Perhaps the most effective research techniques adopted by smart investors. In this, the idea is based on the observations of our daily lives, and the impact of those observations on companies. This also includes collaborating with people, society, employees, customers to receive insights from the ground.

As such, Peter Lynch – a renowned money manager, stated that the investment ideas he developed while walking in shopping centres, talking with his wife had generated better than average results.

Scuttlebutt

For example – Gleaning information about the reasons for the declining population of lambs in Australia from farmers, farm loan providers, meat industry, etc. could give better insights, than just relying on media reports.

Growth Stocks by T Rowe Price

Mr Thomas Row Price was the founder of T Row Price Inc, and he is called the father of growth investing. He stated that earnings per share should increase at a rate more than the prevailing rate of inflation, allowing the investors to retain growth in purchasing power terms.

He also said a cyclical slowdown causing the earnings growth to decline might not be the end of growth for the firm, and the reverse is true in the periods of a cyclical recovery. Moreover, investors should be careful when a cyclical recovery results in earnings growth and avoid mistaking the companies as growth stocks.

Price briefly used price-to-earnings multiples in his valuation techniques, evaluating multiples with historical data, and preferring not to pick stocks at high price-to-earnings multiples compared to the historical average.

Price often picked the companies well before markets, while building stakes in those companies when they are smaller and unnoticeable in the markets. He believed that growth stocks should be held in the portfolio until the time growth in these businesses stops or they were no longer growth stocks.

Reasonable Price

Entering positions in a quality company is a critical decision that an investor is required to make for capital allocation. And, fear of missing out has led investors to chase quality companies regardless of their valuations.

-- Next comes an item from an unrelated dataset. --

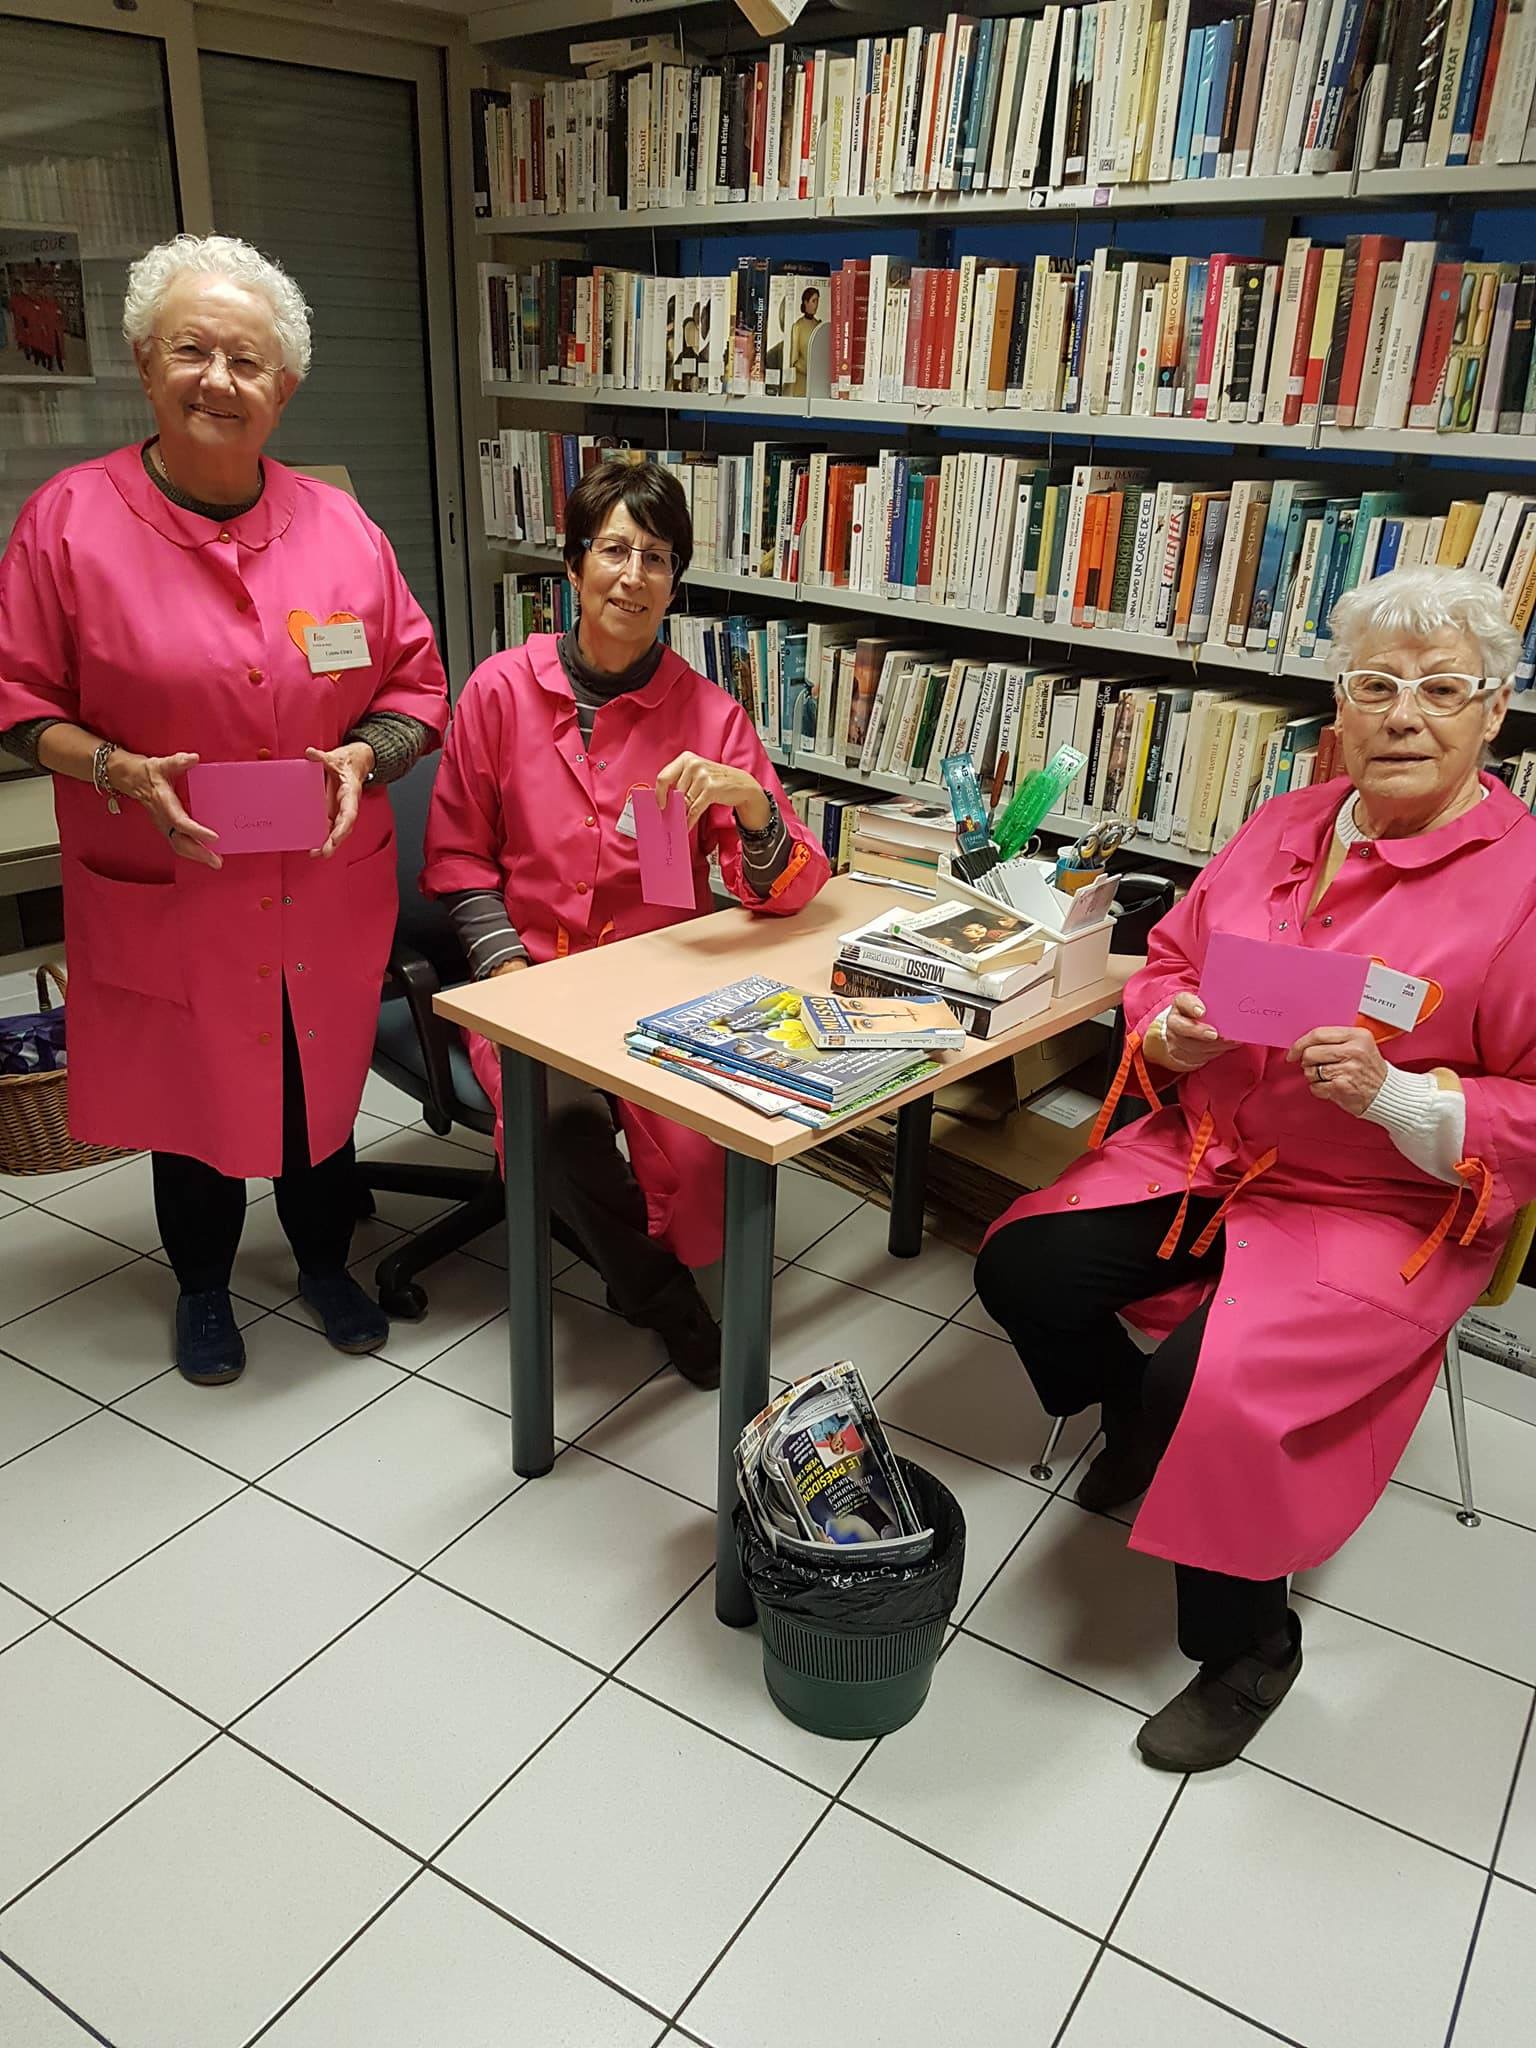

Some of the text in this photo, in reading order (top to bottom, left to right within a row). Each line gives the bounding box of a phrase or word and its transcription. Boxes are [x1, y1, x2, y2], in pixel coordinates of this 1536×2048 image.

As WiseTech trades around at a P/E of 150x, meaning at these constant earnings per share each year with no growth, the investment would take around 150 years to recover the cost paid at the time of acquiring shares in per share earning terms.

Valuation becomes imperative to build a successful long-term portfolio.

Cash flow based techniques are popular when valuing a growth company. Discounted cash flow valuations are widely used in projecting a company’s intrinsic value, using discounted future free cash flows projections.

Effective prediction of FCF would require an assumption about the future state of industry and company, projecting the company’s growth in revenues, operating margins, capital costs, and return of invested capital.

Thus, understanding quality businesses’ and the role of valuation helps the investor to build a good long-term portfolio with a higher probability of success vis-a-vis chasing quality stocks at unreasonable valuations and better understand the value gap in prevailing market price.